« I was born in this building
It was the first Tuesday I had ever seen
And if I live to see tomorrow
It will be my Tuesday number 2119 »
Mars 2014. Daniel Gildenlöw, frontman de
Pain of Salvation, a contracté une fasciite nécrosante, infection bactérienne mortelle. Son pronostic vital engagé, il est hospitalisé en urgence à Uppsala en Suède dans l'établissement qui l'a vu naître le mardi 5 juin 1973. Lors cet autre mardi bien plus tragique où il retourne sur le lieu de sa naissance, il frôle la mort : c'est la raison pour laquelle il espère avec fatalisme vivre le deux mille cent dix-neuvième mardi de son existence.
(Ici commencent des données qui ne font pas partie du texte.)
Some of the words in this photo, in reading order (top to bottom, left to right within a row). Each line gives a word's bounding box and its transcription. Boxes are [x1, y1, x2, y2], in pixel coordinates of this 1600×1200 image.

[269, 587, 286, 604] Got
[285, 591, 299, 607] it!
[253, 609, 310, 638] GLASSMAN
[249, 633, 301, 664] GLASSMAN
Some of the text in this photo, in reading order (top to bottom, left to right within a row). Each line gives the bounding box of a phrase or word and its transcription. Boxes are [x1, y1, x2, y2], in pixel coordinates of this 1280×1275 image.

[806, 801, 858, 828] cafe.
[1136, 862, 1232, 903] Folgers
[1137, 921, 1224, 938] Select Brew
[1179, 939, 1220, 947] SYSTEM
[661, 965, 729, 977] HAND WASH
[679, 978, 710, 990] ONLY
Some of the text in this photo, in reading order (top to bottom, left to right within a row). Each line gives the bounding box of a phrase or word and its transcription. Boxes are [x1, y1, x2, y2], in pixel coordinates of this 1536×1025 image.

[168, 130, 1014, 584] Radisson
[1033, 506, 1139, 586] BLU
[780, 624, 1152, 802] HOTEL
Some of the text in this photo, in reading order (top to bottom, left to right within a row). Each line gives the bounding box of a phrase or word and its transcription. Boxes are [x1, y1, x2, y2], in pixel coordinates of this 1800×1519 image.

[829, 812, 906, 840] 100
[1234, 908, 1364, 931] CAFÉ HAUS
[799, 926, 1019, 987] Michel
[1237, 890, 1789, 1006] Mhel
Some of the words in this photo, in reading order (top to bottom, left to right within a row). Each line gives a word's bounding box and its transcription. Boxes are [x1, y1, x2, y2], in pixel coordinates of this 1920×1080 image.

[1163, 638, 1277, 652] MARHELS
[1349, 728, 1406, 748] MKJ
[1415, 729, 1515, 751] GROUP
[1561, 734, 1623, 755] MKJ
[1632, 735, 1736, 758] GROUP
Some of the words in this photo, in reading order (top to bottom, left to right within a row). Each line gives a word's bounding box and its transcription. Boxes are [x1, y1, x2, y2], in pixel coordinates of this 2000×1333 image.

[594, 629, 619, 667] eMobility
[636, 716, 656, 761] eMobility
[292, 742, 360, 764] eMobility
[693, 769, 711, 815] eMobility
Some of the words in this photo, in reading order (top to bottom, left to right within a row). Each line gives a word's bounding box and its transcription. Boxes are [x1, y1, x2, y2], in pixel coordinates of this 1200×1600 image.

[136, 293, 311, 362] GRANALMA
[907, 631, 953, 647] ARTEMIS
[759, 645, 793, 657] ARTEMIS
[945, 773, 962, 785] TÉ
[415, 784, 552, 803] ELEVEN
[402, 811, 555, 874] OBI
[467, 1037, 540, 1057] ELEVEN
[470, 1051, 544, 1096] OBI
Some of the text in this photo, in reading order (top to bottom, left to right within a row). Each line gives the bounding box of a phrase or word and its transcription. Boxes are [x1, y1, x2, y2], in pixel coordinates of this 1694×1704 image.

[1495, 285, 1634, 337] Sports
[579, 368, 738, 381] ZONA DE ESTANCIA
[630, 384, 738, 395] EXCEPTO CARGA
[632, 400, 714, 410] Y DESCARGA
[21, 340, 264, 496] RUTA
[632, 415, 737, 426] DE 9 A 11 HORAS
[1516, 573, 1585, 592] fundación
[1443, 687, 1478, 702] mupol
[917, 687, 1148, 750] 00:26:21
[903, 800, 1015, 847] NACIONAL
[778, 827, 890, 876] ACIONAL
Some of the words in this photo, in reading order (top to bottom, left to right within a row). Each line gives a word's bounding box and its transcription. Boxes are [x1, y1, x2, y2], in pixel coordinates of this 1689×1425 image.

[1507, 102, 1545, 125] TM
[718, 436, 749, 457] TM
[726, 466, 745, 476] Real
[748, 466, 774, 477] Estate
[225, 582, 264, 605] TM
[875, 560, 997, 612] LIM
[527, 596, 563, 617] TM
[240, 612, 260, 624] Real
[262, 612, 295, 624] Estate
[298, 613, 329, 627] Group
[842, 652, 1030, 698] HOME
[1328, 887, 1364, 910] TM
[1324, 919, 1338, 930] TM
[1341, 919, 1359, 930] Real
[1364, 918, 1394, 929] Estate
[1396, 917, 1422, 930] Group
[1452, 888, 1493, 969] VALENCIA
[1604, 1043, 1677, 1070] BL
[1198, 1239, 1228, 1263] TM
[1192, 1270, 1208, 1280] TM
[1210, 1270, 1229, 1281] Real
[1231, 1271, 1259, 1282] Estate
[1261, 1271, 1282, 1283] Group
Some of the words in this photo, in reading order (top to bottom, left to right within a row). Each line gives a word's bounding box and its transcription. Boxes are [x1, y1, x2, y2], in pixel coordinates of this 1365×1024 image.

Notre homme le vivra, à la faveur d'une thérapie de plusieurs mois, passée enfermé dans une chambre. Mieux même, durant les moments où la maladie le laisse tranquille, il écrit des pages et des pages sur sa perception des choses durant ces temps terriblement incertains, notamment les vers utilisés pour introduire cet album et cette chronique. Cette terrible épreuve avait de quoi donner un sacré coup de fouet à son groupe formé en 1991 en Suède, après le diptyque des
Road Salt (2010, 2011) et
Falling Home (2014). Entouré par Léo Margarit (batteur), Daniel Karlsson (claviers), Gustaf Hielm (basse) et Ragnar Zolberg (guitare), il sort
In The Passing Light of Day trois ans après cet événement qui aura occasionné de nombreuses crises existentielles. Un vendredi 13.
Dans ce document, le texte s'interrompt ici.